Will presidential candidates attend AIPAC’s annual conference in March? Sen. Elizabeth Warren said during a town hall meeting in Derry, New Hampshire today that she will skip the gathering https://t.co/PfLTLHb7SH pic.twitter.com/I3N7iu7ccl
— Jacob Kornbluh (@jacobkornbluh) February 7, 2020
The person who posed the question, Sarah O’Connor of the Jewish leftist group IfNotNow, was not only expressing a personal opposition to Democratic candidates attending or speaking at AIPAC’s big event, a platform that until recently no intelligent candidate would forgo. IfNotNow, along with MoveOn.org, Indivisible, and the Working Families Party have launched a campaign to persuade the Democrats’ presidential contenders not to attend.
But the demand that candidates skip AIPAC sets up a false binary, namely, that attending AIPAC’s confab this year is an effective endorsement of their agenda, while skipping it a repudiation. And it’s a shame that this is the debate now taking place among progressive activists, when there is, in fact, another option Democratic candidates should consider: Go to AIPAC and tell the audience the truth they would prefer not to hear, that if a Democrat is elected in November, the Trump cotton candy cart is coming to a full stop. In fact, this third option would send a much stronger message than simply not attending.
Candidates hesitating to attend AIPAC have good reason. The conference takes place in the days before and on Super Tuesday, when 14 states and Democrats Abroad will vote in primaries, providing a convenient excuse for presidential hopefuls for not being there.
Then there’s the fact that days after the Iowa Caucuses and before the New Hampshire primary, AIPAC bolstered the case of Democrats inclined not to go by clumsily attacking members of the party with Facebook ads, which it later admitted were a mistake. Rep. Betty McCollum, a Minnesota congresswoman long critical of Israel’s human rights record in the occupied territories, and one of the targets of the AIPAC ads, accused the group of incitement.
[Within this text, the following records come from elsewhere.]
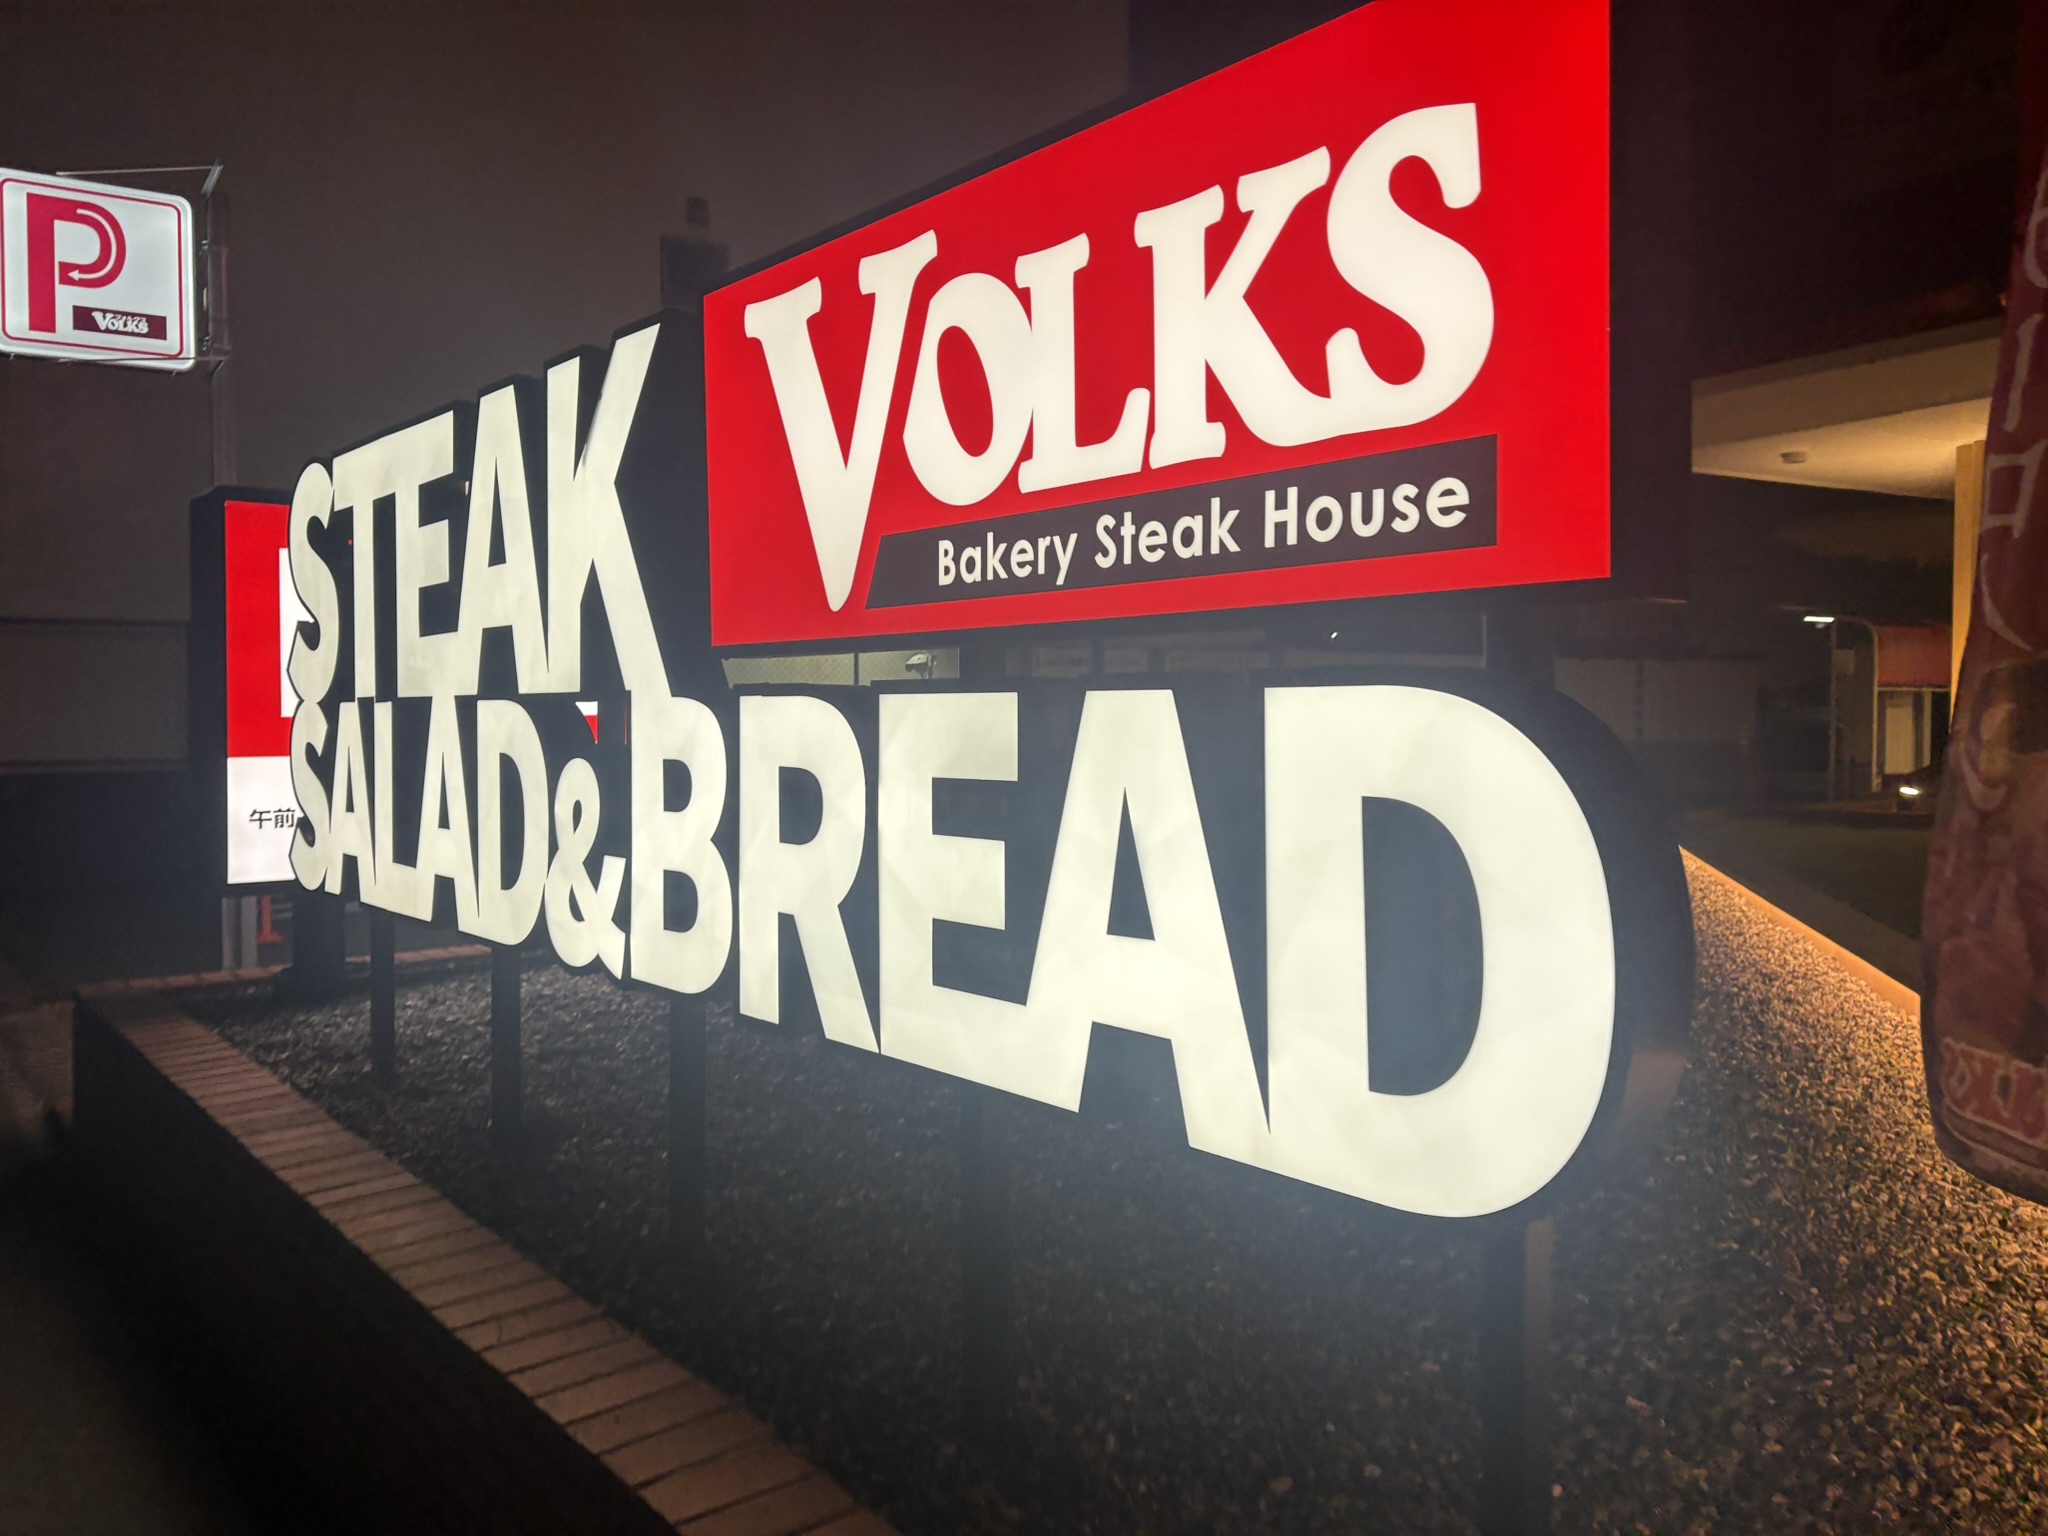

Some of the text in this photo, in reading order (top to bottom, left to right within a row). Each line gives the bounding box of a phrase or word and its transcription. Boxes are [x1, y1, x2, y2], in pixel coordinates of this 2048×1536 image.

[26, 192, 127, 333] P
[91, 311, 149, 334] VOLKS
[744, 102, 1495, 612] VOLKS
[289, 323, 672, 704] STEAK
[937, 476, 1470, 586] Bakery Steak House
[249, 807, 296, 830] 午前
@AIPAC weaponizing anti-Semitism to dehumanize is hate speech. My work for human rights & Palestinian rights goes on. #HR2407 #StopAIPACsHate pic.twitter.com/lbT15bBmhi
— Rep. Betty McCollum (@BettyMcCollum04) February 12, 2020
And of course, there’s AIPAC’s plenary session, where profuse praise of President Donald Trump’s recent diplomatic decisions heavily favoring Israel at the expense of Palestinians is likely to be frequent and boisterous. This part of the event is not known for nuance, and for now, President Trump is the undisputed toast of the cause.
But despite the bad optics of the plenary, the AIPAC conference remains the most high profile opportunity for the Democratic candidates to explicate their Middle East policy positions. The conference provides a unique opportunity for candidates to distinguish the Democratic position from that of the Trump administration, and convey the very real risks associated with brash moves like annexation. They should not squander such an opportunity.
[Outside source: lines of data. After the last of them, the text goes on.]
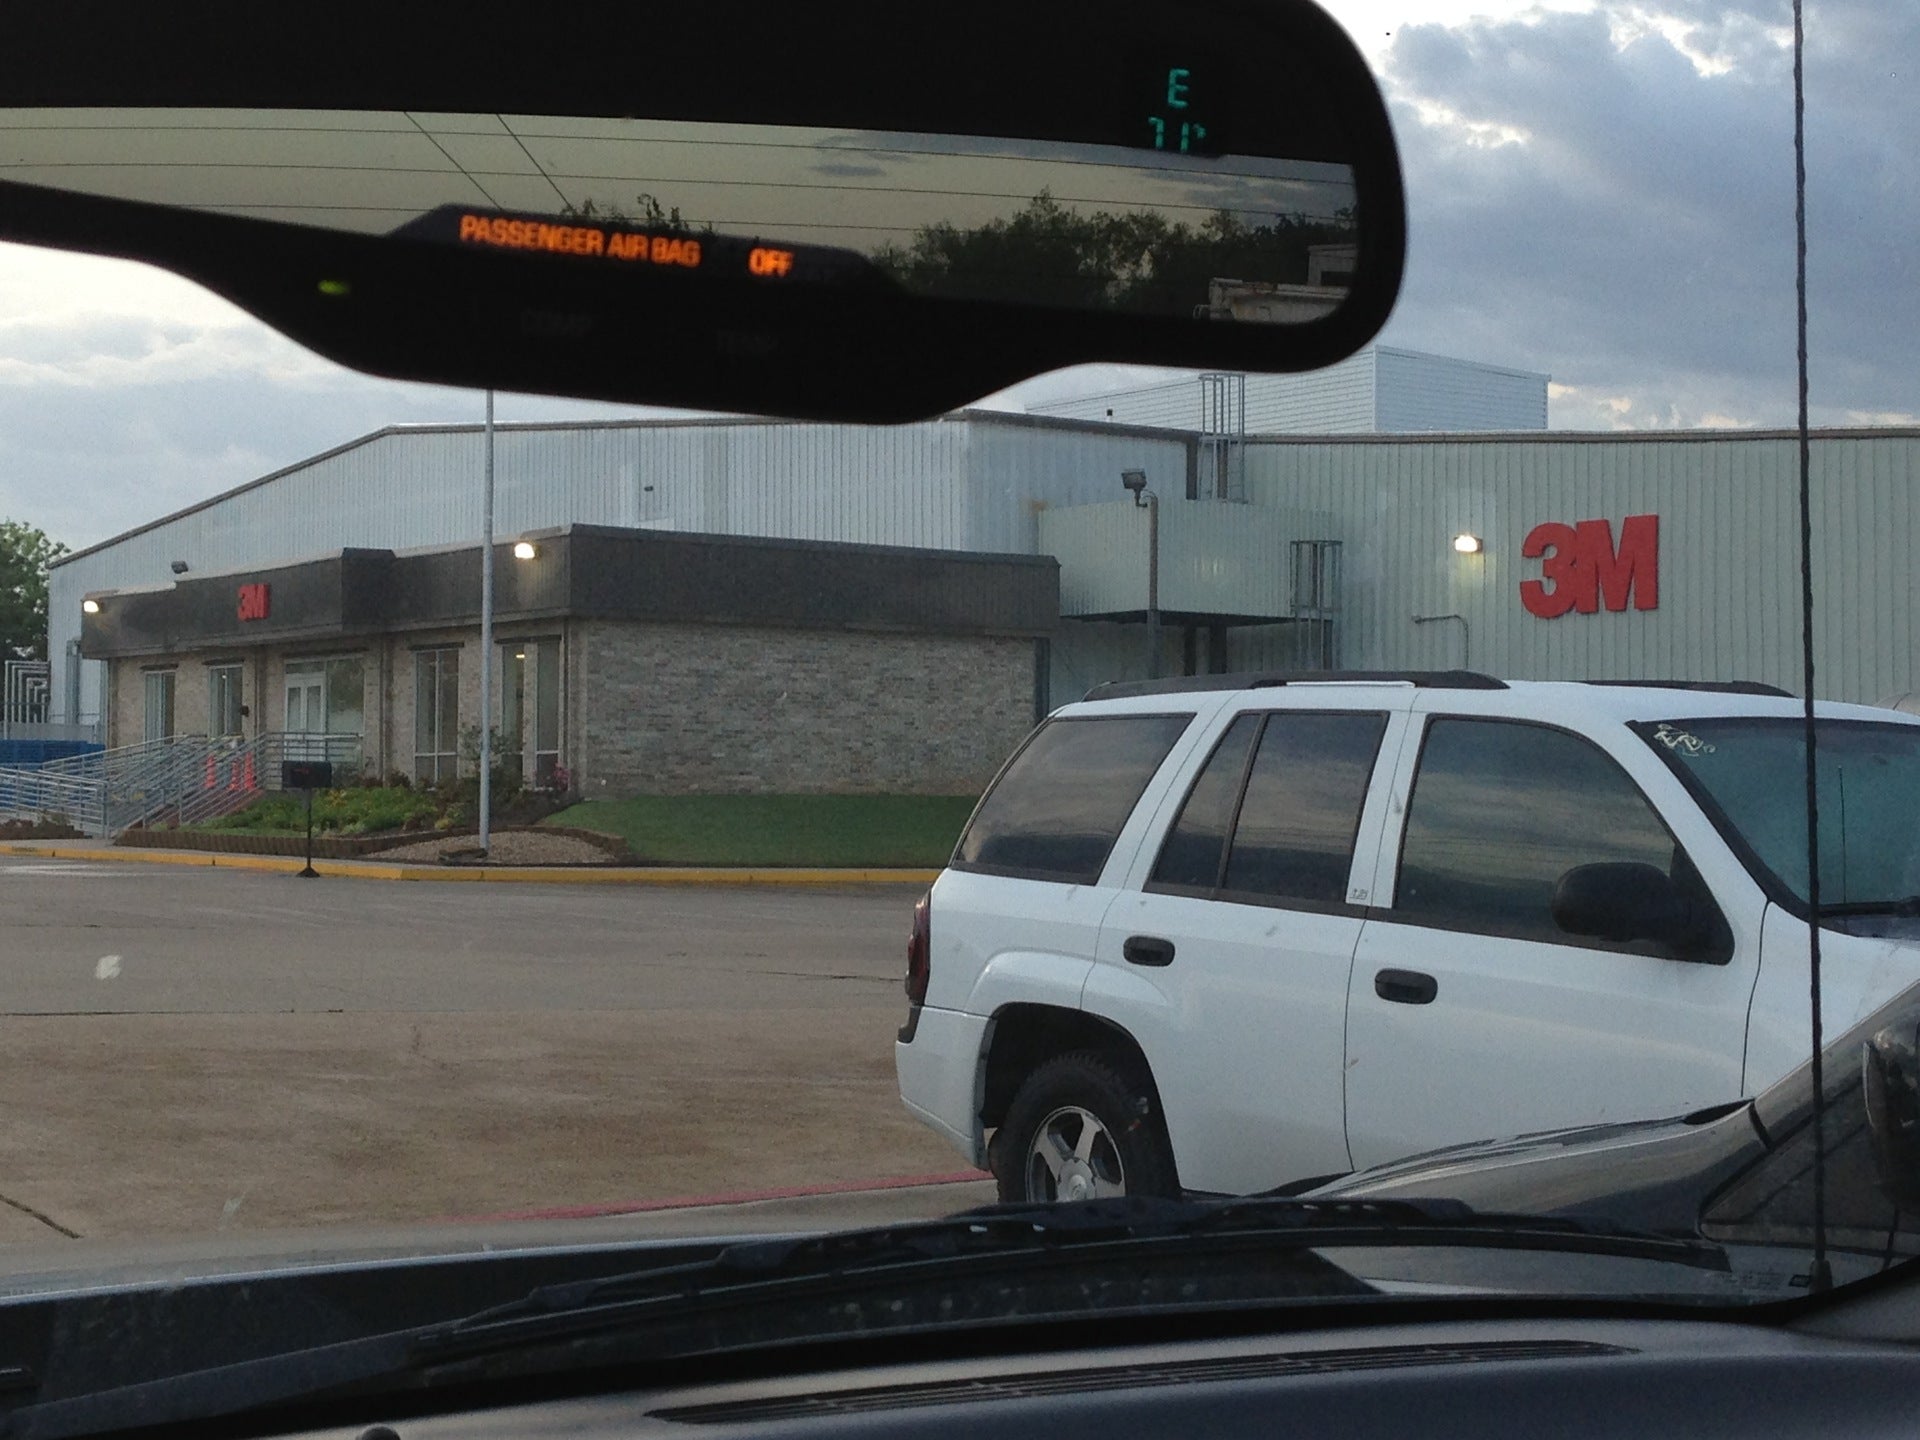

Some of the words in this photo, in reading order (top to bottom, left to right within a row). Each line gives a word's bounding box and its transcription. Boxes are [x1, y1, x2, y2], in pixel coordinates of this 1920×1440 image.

[1167, 68, 1190, 108] E
[460, 214, 603, 256] PASSENGER
[607, 232, 648, 261] AIR
[651, 236, 701, 267] BAG
[749, 247, 794, 277] OFF
[1519, 514, 1659, 619] 3M
[237, 583, 269, 622] 3M
Furthermore, as many AIPAC supporters in the Democratic Party point out, there is more to the annual conference than the plenary. There are breakout sessions, networking opportunities, lobbying appointments, and off-site meetings where thoughtful and serious discussions take place.
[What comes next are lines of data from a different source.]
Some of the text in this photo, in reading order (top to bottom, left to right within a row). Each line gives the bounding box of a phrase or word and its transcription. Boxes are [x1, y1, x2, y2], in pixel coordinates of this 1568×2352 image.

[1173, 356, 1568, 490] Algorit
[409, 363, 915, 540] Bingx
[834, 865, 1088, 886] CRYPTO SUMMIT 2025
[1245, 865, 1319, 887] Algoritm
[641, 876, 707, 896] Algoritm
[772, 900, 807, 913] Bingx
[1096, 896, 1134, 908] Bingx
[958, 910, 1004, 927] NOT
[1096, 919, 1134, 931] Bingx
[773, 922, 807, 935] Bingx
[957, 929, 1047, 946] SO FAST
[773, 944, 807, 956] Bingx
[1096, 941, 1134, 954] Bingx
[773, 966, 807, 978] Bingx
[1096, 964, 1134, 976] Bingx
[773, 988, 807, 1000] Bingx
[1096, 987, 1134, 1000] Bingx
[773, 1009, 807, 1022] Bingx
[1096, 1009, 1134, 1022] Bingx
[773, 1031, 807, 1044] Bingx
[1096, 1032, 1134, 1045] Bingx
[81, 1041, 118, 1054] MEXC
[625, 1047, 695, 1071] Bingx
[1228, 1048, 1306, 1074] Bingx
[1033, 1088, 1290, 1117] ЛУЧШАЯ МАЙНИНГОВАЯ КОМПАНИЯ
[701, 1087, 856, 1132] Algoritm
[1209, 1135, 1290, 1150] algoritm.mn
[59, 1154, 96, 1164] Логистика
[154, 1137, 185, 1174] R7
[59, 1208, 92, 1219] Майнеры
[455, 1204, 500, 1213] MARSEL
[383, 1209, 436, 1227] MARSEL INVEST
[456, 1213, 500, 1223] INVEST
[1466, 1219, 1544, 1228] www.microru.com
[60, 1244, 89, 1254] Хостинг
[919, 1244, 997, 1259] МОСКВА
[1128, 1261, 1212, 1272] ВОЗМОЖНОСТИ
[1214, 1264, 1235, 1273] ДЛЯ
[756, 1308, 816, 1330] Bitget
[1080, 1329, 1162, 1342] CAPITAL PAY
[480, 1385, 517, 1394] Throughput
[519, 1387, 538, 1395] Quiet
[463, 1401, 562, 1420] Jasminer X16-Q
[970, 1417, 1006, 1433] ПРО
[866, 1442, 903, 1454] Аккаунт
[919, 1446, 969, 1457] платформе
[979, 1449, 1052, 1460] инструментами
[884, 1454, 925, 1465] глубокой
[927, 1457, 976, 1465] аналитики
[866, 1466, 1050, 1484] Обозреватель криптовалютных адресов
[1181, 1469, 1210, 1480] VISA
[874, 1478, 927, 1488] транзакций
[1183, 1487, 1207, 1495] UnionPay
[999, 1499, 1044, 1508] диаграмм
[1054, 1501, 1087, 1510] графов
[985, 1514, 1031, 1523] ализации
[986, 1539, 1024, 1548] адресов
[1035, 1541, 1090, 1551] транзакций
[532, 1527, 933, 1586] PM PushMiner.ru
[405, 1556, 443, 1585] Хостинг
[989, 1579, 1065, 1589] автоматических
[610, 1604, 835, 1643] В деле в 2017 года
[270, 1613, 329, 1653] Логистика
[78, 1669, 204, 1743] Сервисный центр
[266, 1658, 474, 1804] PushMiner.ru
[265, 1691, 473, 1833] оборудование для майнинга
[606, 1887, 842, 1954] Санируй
These are all opportunities to convey a crucial message to the AIPAC audience: the Trump status quo won’t fully carry over into even the most moderate Democratic administration.
In terms of Israel policy, the Trump administration has fulfilled all the empty promises made by Democrats and Republicans to AIPAC and other pro-Israel audiences — on Jerusalem, recognition of the Golan Heights, a lax policy on the settlements, punitive sanctions on the Palestinian Authority, slashing all funds to UNRWA, and a hawkish posture towards Iran. The administration’s so-called peace plan was widely viewed as yet another gift to Israeli Prime Minister Benjamin Netanyahu, so favorable was it to Israel.
But a Democratic administration interested in re-engaging the Palestinians will have to roll back several of these “wins” for the pro-Israel lobby. It won’t be necessary to reverse the moving of the U.S. Embassy to Jerusalem, but some semblance of evenhandedness in America’s mediating role will have to be restored.
If a candidate is only willing to participate in the usual AIPAC pageantry, it may be best not to appear at an event that is sure to be an uncritical celebration of Trump. But if they’re willing to lay down the marker for the Democrats’ distinctive pro-Israel message, one that centers the two-state solution and regards the Palestinians as a people worthy of dignity and proper statehood, it may be worth the trip and the hisses that will follow them into the Washington Convention Center.
Abe Silberstein is a freelance commentator on Israeli politics and U.S.-Israel relations. His work has previously been published in the New York Times, Haaretz, +972 Magazine and the Forward.